通过在 Workspace ONE Access 中配置设置,您可以为用户提供从 Workspace ONE Intelligent Hub 应用程序或门户中随时更改其 Active Directory 密码的功能。如果用户的 Active Directory 密码已过期或 Active Directory 管理员重置了该密码(以强制用户在下次登录时更改密码),用户也可以从登录页面中重置该密码。
您可以在目录的设置选项卡中选择启用更改密码选项,以便为每个目录设置该选项。
在用户通过浏览器登录到 Intelligent Hub 后,可以在右上角单击其名称,从下拉菜单中选择帐户,然后单击更改密码链接以更改其密码。在 Intelligent Hub 应用程序中,用户可以单击三栏菜单图标并选择密码以更改其密码。

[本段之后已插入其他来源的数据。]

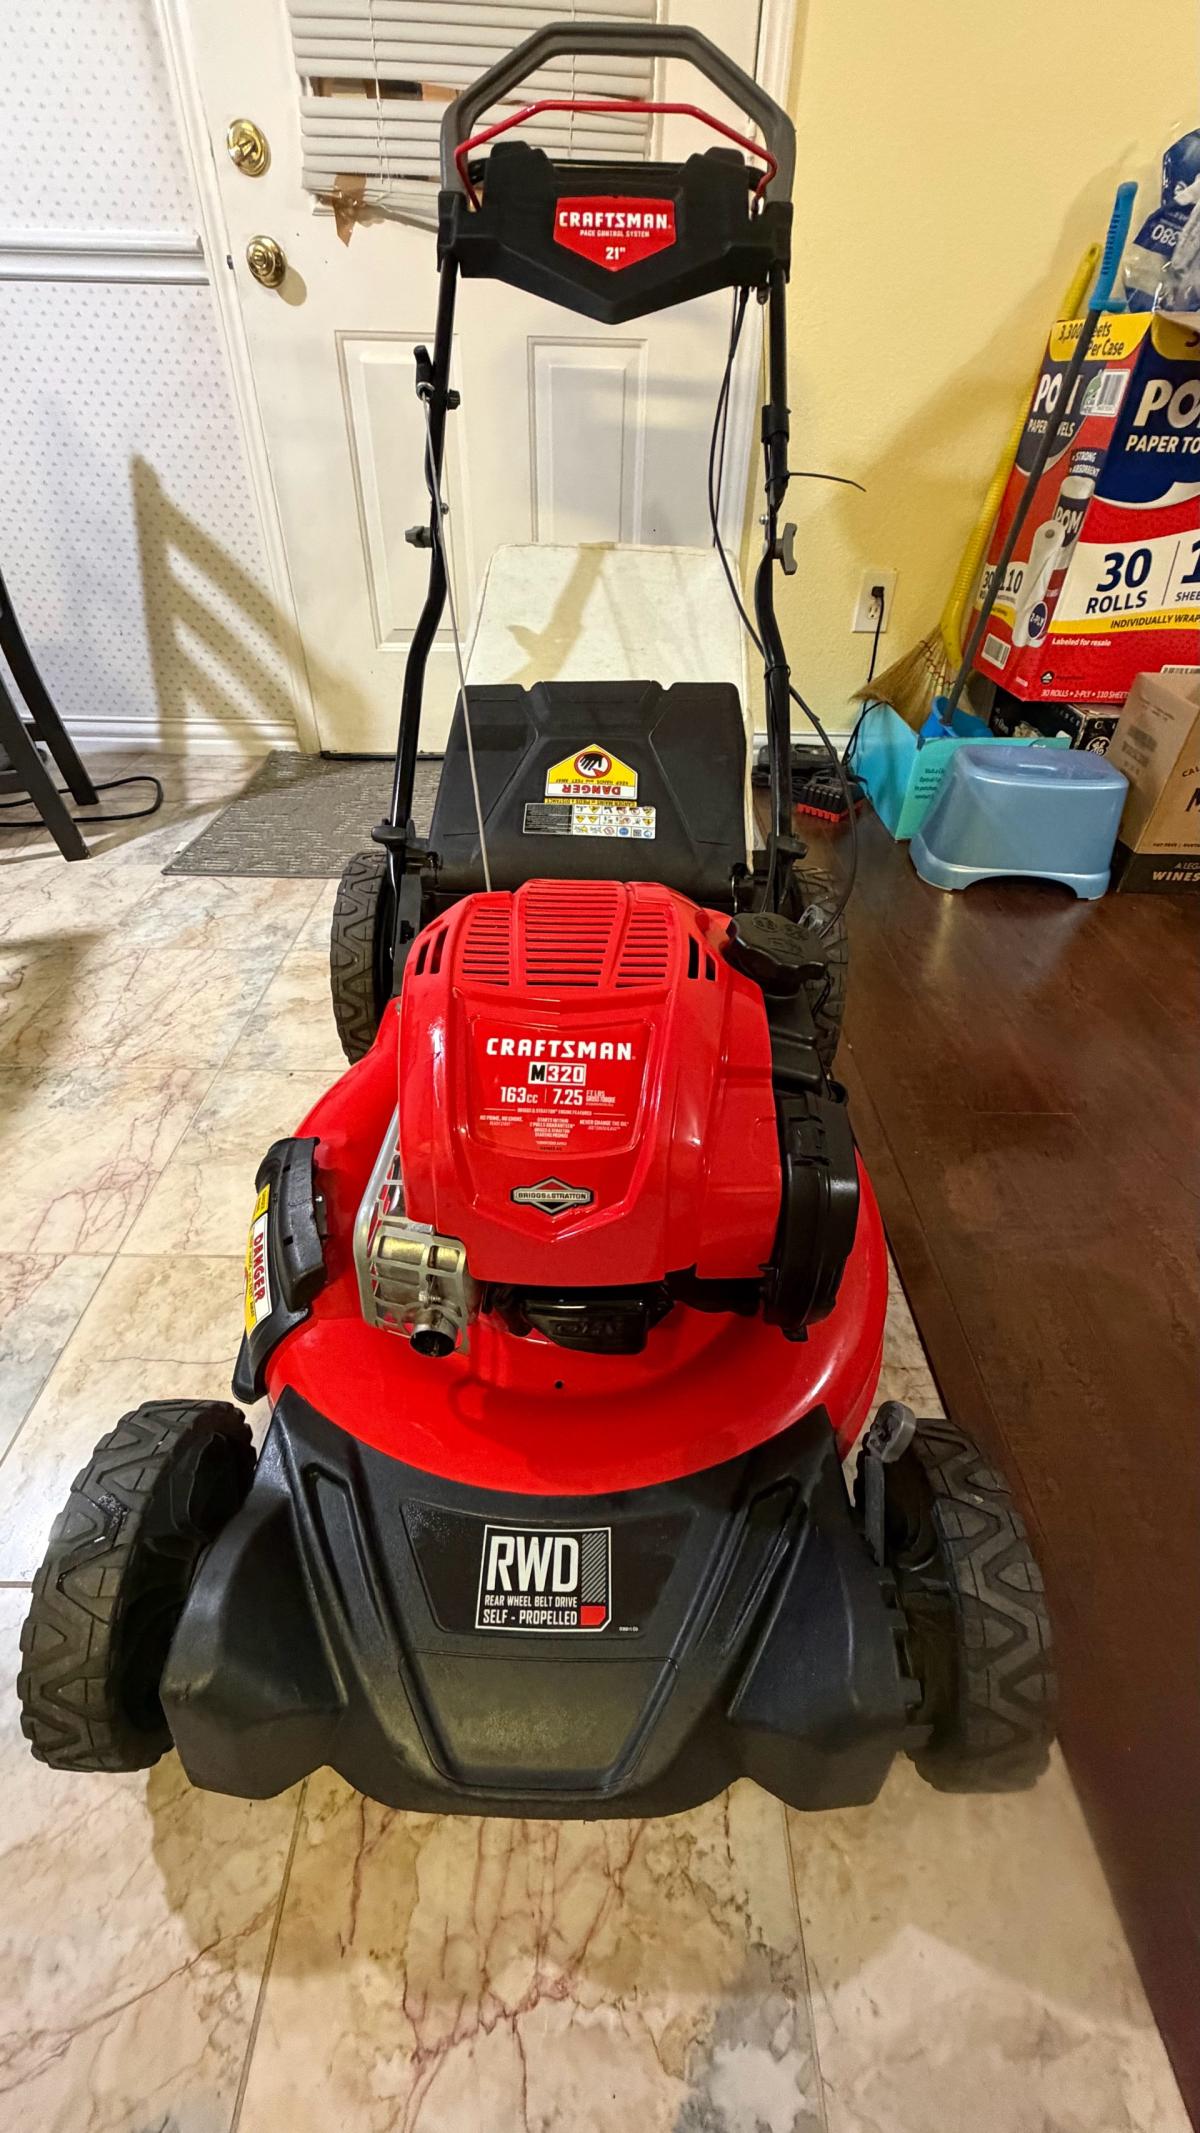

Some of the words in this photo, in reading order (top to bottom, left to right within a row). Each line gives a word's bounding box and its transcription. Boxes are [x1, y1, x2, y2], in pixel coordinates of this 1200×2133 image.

[559, 211, 668, 229] CRAFTSMAN
[579, 229, 596, 237] PACE
[597, 230, 625, 238] CONTROL
[625, 230, 650, 238] SYSTEM
[605, 246, 626, 260] 21"
[1102, 338, 1124, 355] Case
[1133, 379, 1200, 428] PO
[1028, 419, 1048, 433] PAPER
[1125, 434, 1179, 453] PAPER
[1075, 451, 1096, 462] STRONG
[1096, 548, 1152, 592] 30
[1086, 590, 1148, 614] ROLLS
[1110, 615, 1173, 629] INDIVIDUALLY
[1052, 638, 1079, 646] Labeled
[1080, 639, 1090, 647] for
[1090, 639, 1111, 647] resale
[1050, 689, 1069, 697] ROLLS
[1074, 690, 1091, 698] 2-PLY
[562, 784, 621, 796] DANGER
[486, 1038, 632, 1060] CRAFTSMAN
[531, 1064, 584, 1083] M320
[552, 1088, 584, 1105] 7.25
[253, 1231, 266, 1302] DANGER
[486, 1535, 579, 1592] RWD
[484, 1594, 505, 1606] REAR
[507, 1595, 532, 1607] WHEEL
[534, 1595, 553, 1607] BELT
[555, 1597, 578, 1608] DRIVE
[483, 1609, 508, 1624] SELF
[519, 1610, 578, 1626] PROPELLED

可以从登录页中更改过期的密码或管理员在 Active Directory 中重置的密码。当用户尝试使用过期的密码登录时,系统会提示用户重置密码。用户必须输入旧密码和新密码。
Active Directory 密码策略确定新密码的要求。允许尝试的次数同样取决于 Active Directory 密码策略。
注: 如果
Workspace ONE Access Connector 在 FIPS 模式下运行,则还需遵循其他密码要求。请参阅您所用连接器版本对应的
Workspace ONE Access Connector 和 FIPS 模式。
以下限制适用于启用更改密码选项。
- 如果将目录作为全局目录添加到 Workspace ONE Access 中,则启用更改密码选项不可用。可以使用端口 389 或 636,将目录作为“通过 LDAP 访问的 Active Directory”或“通过集成 Windows 身份验证访问的 Active Directory”进行添加。

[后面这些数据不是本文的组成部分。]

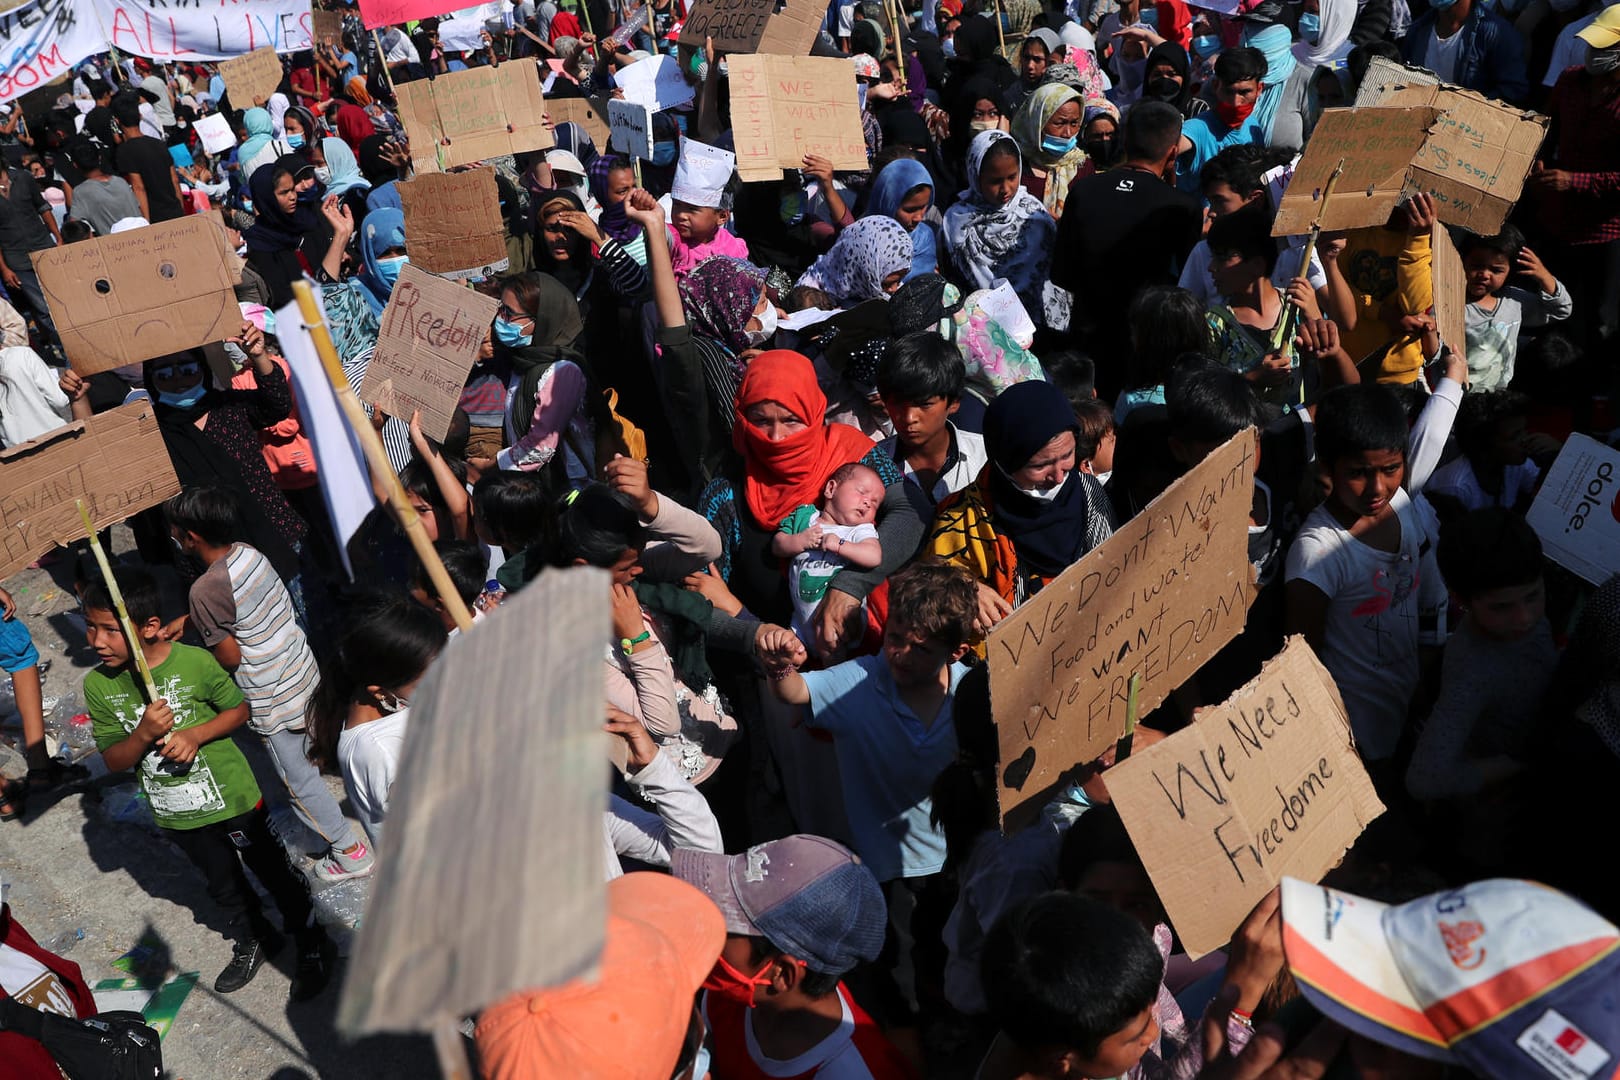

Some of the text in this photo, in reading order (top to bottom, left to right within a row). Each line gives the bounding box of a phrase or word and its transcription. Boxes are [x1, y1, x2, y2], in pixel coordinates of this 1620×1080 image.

[112, 7, 314, 56] ALL LIVES
[704, 12, 765, 41] GREECE
[741, 64, 768, 157] Finland
[786, 95, 844, 121] want
[793, 127, 865, 157] Freedom
[14, 463, 89, 514] WANT
[1001, 442, 1253, 666] We Dont Want
[1050, 519, 1218, 684] Food and water
[1086, 580, 1247, 743] FREEDOM
[1022, 680, 1080, 742] We
[1151, 679, 1301, 821] We Need
[1212, 755, 1335, 885] Freedome
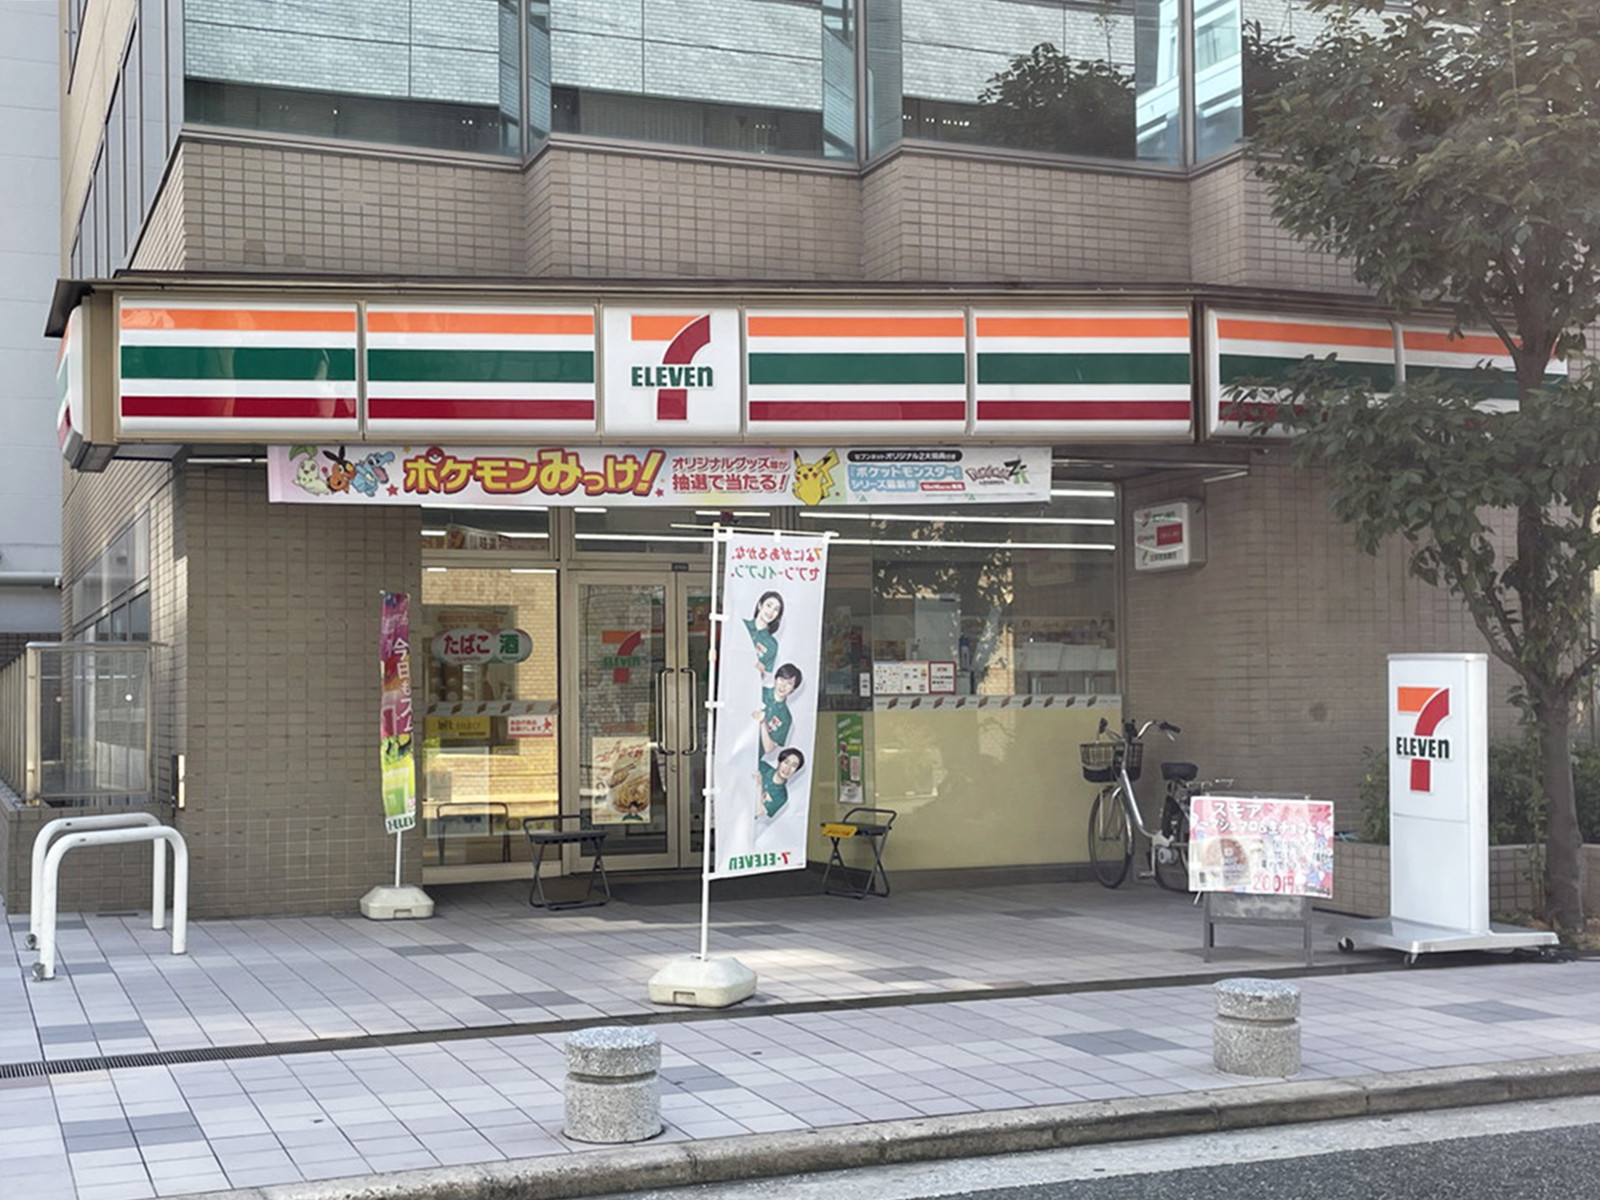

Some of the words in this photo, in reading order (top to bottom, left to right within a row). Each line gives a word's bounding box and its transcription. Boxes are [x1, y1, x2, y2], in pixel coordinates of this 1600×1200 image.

- 绑定 DN 用户的密码无法从 Workspace ONE Access 重置,即使密码过期或 Active Directory 管理员重置了密码也是如此。
建议使用具有不过期密码的绑定 DN 用户帐户。
- 登录名包含多字节字符(非 ASCII 字符)的用户的密码无法从 Workspace ONE Access 重置。
注: 您不能为 ACC 目录选择
启用更改密码选项。
前提条件
- 必须将 Active Directory 域控制器的域功能级别设置为 Windows 2008 或更高版本。
- 必须从目录同步服务打开端口 464 以访问域控制器。
- Active Directory 必须使用以下 UPN 格式之一:
- 常规 UPN 格式:samaccountname@domain
- 备用 UPN 前缀格式:alternativePrefix@domain
- 备用 UPN 后缀格式:samaccountname@alternativeSuffix
不支持 UPN 格式 alternativePrefix@alternativeSuffix。
- 必须同步目录同步服务主机和域控制器上的时钟。
过程
- 在允许更改密码部分中,选中启用更改密码复选框。